TASK DESCRIPTION
Each entry, in full: copy it out exactly.

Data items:

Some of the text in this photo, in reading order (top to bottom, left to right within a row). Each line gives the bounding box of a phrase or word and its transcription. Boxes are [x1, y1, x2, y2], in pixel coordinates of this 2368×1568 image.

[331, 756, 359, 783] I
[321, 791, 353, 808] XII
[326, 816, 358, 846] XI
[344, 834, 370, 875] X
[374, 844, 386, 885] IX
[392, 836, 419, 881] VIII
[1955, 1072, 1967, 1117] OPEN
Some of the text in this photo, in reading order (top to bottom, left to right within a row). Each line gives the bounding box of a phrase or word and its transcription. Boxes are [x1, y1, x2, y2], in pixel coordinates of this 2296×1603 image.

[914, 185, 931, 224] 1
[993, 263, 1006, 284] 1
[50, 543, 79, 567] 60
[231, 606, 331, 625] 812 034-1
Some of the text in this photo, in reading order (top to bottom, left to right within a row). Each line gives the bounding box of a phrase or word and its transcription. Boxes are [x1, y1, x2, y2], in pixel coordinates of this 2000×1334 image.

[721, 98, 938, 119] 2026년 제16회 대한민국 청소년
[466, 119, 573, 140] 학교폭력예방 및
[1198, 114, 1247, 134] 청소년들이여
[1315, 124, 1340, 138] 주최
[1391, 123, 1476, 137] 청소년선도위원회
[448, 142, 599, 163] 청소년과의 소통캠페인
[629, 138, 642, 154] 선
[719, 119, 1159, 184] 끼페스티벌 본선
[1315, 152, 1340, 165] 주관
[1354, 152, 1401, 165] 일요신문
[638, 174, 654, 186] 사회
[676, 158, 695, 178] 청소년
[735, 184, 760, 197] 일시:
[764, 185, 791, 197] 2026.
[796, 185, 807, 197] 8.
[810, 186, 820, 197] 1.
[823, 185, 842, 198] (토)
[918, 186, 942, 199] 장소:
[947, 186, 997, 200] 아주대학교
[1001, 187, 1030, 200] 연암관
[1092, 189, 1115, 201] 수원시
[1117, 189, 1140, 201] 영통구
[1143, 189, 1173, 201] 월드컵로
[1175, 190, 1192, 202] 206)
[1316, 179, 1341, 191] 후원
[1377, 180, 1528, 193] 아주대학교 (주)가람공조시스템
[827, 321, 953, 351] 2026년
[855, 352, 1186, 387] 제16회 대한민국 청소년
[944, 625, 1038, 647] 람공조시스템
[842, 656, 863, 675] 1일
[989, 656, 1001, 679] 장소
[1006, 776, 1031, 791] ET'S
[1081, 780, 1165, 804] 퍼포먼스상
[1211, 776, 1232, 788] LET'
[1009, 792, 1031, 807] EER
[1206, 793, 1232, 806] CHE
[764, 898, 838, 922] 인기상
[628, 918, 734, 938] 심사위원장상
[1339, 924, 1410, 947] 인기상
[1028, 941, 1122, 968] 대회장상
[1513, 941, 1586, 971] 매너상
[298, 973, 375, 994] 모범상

WRITTEN ANSWER
Some of the text in this photo, in reading order (top to bottom, left to right within a row). Each line gives the bounding box of a phrase or word and its transcription. Boxes are [x1, y1, x2, y2], in pixel coordinates of this 2368×1568 image.

[331, 756, 359, 783] I
[321, 791, 353, 808] XII
[326, 816, 358, 846] XI
[344, 834, 370, 875] X
[374, 844, 386, 885] IX
[392, 836, 419, 881] VIII
[1955, 1072, 1967, 1117] OPEN
Some of the text in this photo, in reading order (top to bottom, left to right within a row). Each line gives the bounding box of a phrase or word and its transcription. Boxes are [x1, y1, x2, y2], in pixel coordinates of this 2296×1603 image.

[914, 185, 931, 224] 1
[993, 263, 1006, 284] 1
[50, 543, 79, 567] 60
[231, 606, 331, 625] 812 034-1
Some of the text in this photo, in reading order (top to bottom, left to right within a row). Each line gives the bounding box of a phrase or word and its transcription. Boxes are [x1, y1, x2, y2], in pixel coordinates of this 2000×1334 image.

[721, 98, 938, 119] 2026년 제16회 대한민국 청소년
[466, 119, 573, 140] 학교폭력예방 및
[1198, 114, 1247, 134] 청소년들이여
[1315, 124, 1340, 138] 주최
[1391, 123, 1476, 137] 청소년선도위원회
[448, 142, 599, 163] 청소년과의 소통캠페인
[629, 138, 642, 154] 선
[719, 119, 1159, 184] 끼페스티벌 본선
[1315, 152, 1340, 165] 주관
[1354, 152, 1401, 165] 일요신문
[638, 174, 654, 186] 사회
[676, 158, 695, 178] 청소년
[735, 184, 760, 197] 일시:
[764, 185, 791, 197] 2026.
[796, 185, 807, 197] 8.
[810, 186, 820, 197] 1.
[823, 185, 842, 198] (토)
[918, 186, 942, 199] 장소:
[947, 186, 997, 200] 아주대학교
[1001, 187, 1030, 200] 연암관
[1092, 189, 1115, 201] 수원시
[1117, 189, 1140, 201] 영통구
[1143, 189, 1173, 201] 월드컵로
[1175, 190, 1192, 202] 206)
[1316, 179, 1341, 191] 후원
[1377, 180, 1528, 193] 아주대학교 (주)가람공조시스템
[827, 321, 953, 351] 2026년
[855, 352, 1186, 387] 제16회 대한민국 청소년
[944, 625, 1038, 647] 람공조시스템
[842, 656, 863, 675] 1일
[989, 656, 1001, 679] 장소
[1006, 776, 1031, 791] ET'S
[1081, 780, 1165, 804] 퍼포먼스상
[1211, 776, 1232, 788] LET'
[1009, 792, 1031, 807] EER
[1206, 793, 1232, 806] CHE
[764, 898, 838, 922] 인기상
[628, 918, 734, 938] 심사위원장상
[1339, 924, 1410, 947] 인기상
[1028, 941, 1122, 968] 대회장상
[1513, 941, 1586, 971] 매너상
[298, 973, 375, 994] 모범상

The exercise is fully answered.